Illustration from Bresler, Johannes: German Hospitals and Care Facilities for the Mentally Ill in Words and Pictures, Halle a. S. 1910, p. 338.
KONRADSTEIN | KOCBOROWO
As early as autumn 1939, 130 children and adolescents from the branch of the institution in Mewe (Gniew) had been transferred to the Konradstein mental hospital. The medical director was Waldemar Siemens.
In 1942, a »Children’s ward« was officially established. The girls were housed in Building X, and the boys in Building XI. Approximately 360 children and adolescents were murdered there.
The head of the »Children’s ward« and the person primarily responsible for the murders was the deputy medical director Hans Arnold Schmidt. He is said to have transferred children’s corpses to the anatomical institute in Danzig, where the director Rudolf Spanner conducted human experiments. Among other things, he developed a process for making soap from human bodies.

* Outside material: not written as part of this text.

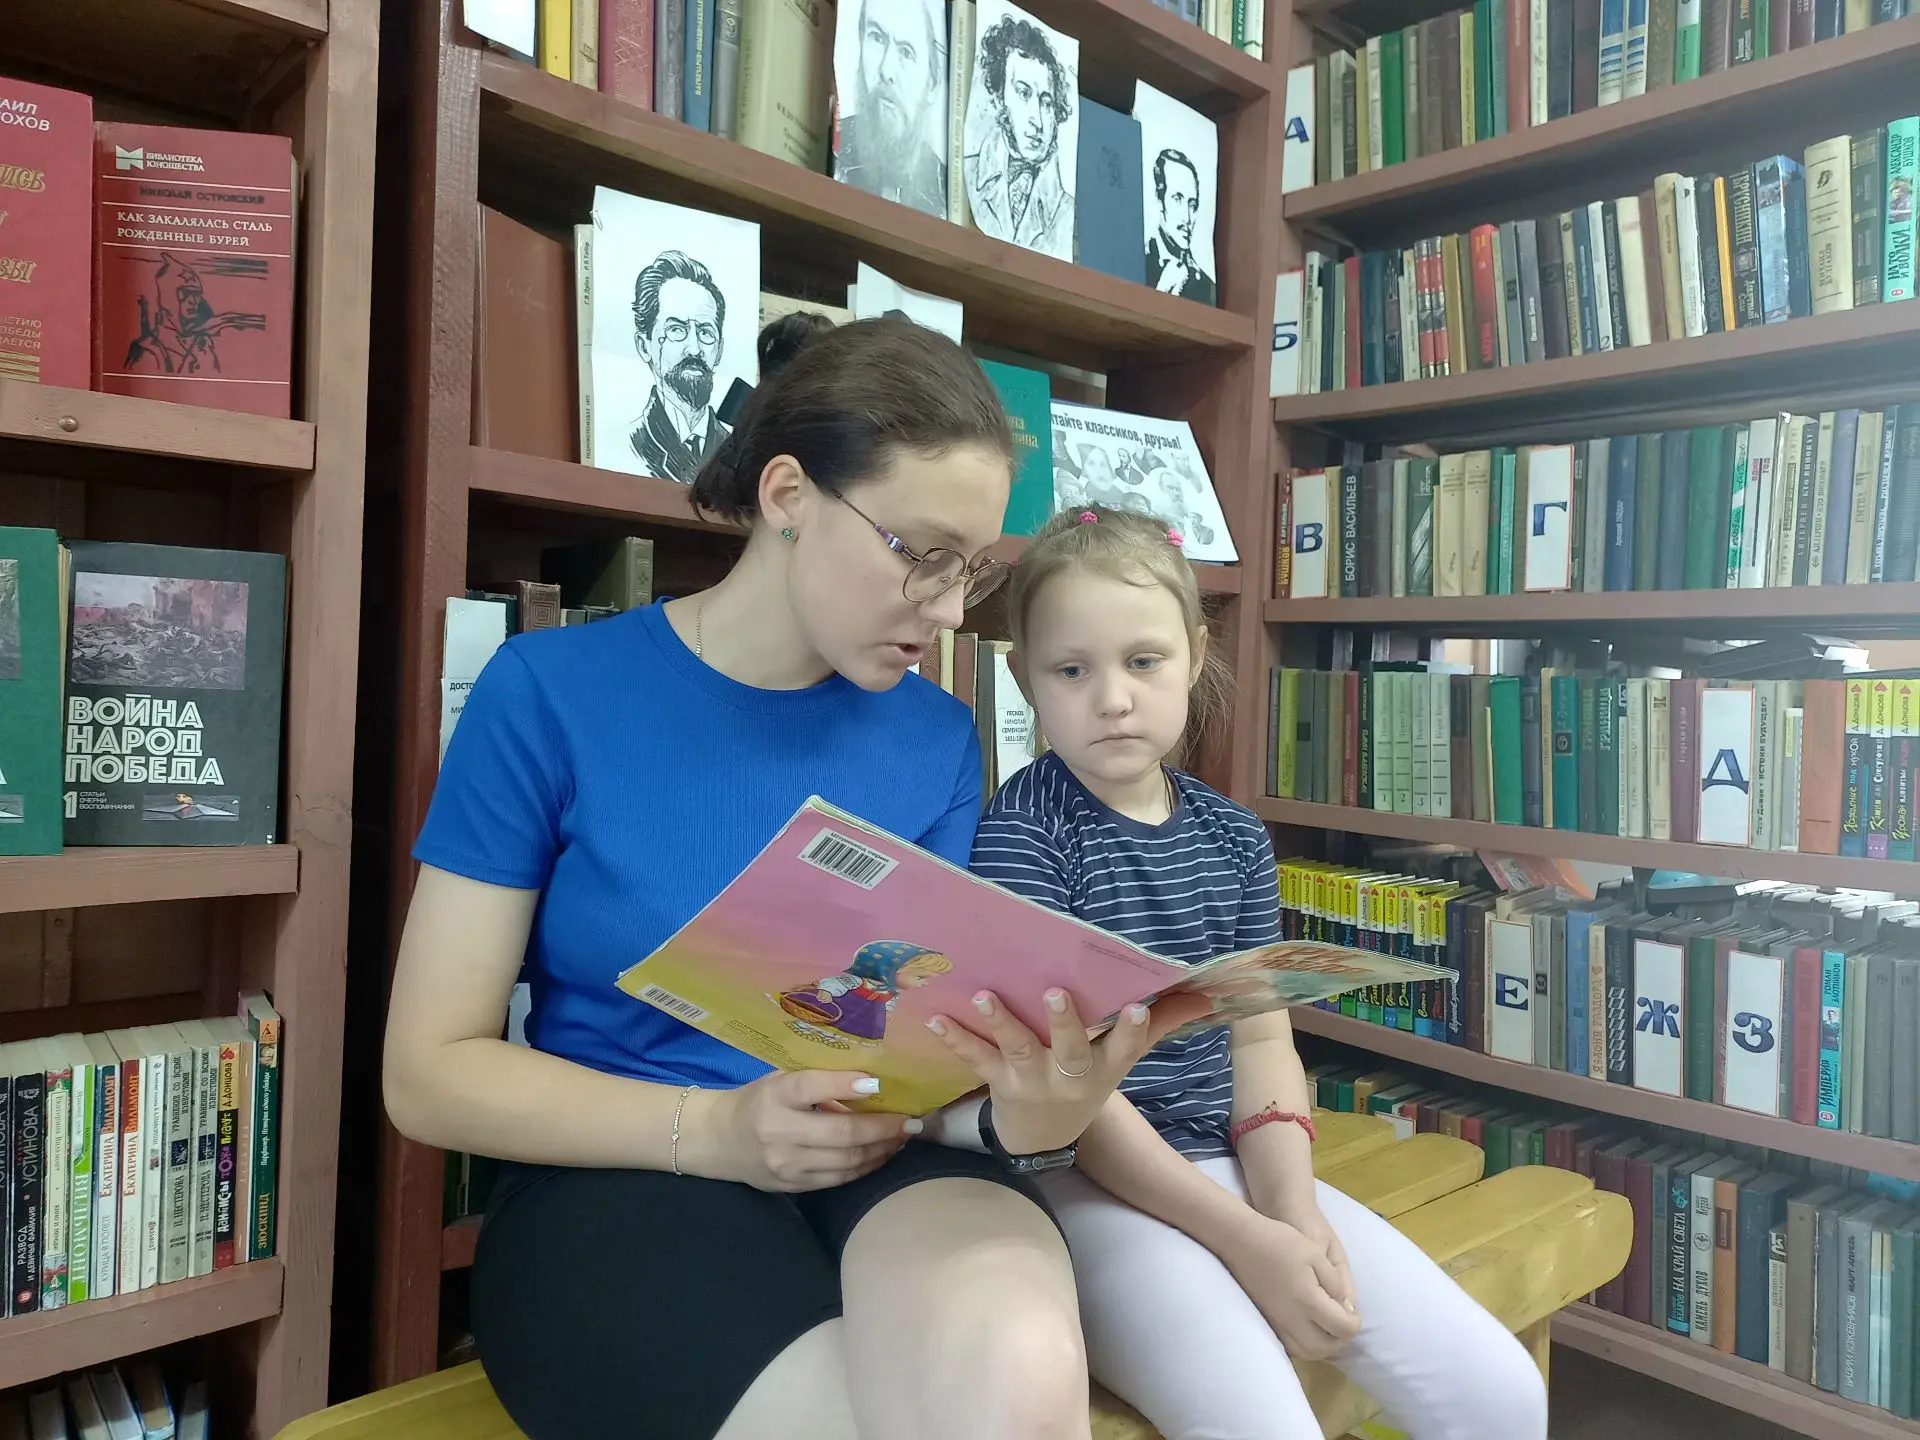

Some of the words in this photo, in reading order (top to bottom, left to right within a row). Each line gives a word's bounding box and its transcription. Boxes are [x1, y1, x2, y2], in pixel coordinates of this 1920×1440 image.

After the war, the investigation into the murder of children was largely overshadowed by the much more extensive murders of sick people in occupied Poland. In 1946, Johann Aberg, a nurse in the »Children’s ward«, was sentenced to death in absentia. Investigations against two other doctors were dropped in 1967 due to lack of evidence.
The former medical director Walter Siemens went into hiding after the war. Hans Arnold Schmidt worked as a doctor in Hamburg. He escaped criminal proceedings in the 1960s despite the evidence against him. Due to his alcoholism, he was declared unfit to stand trial.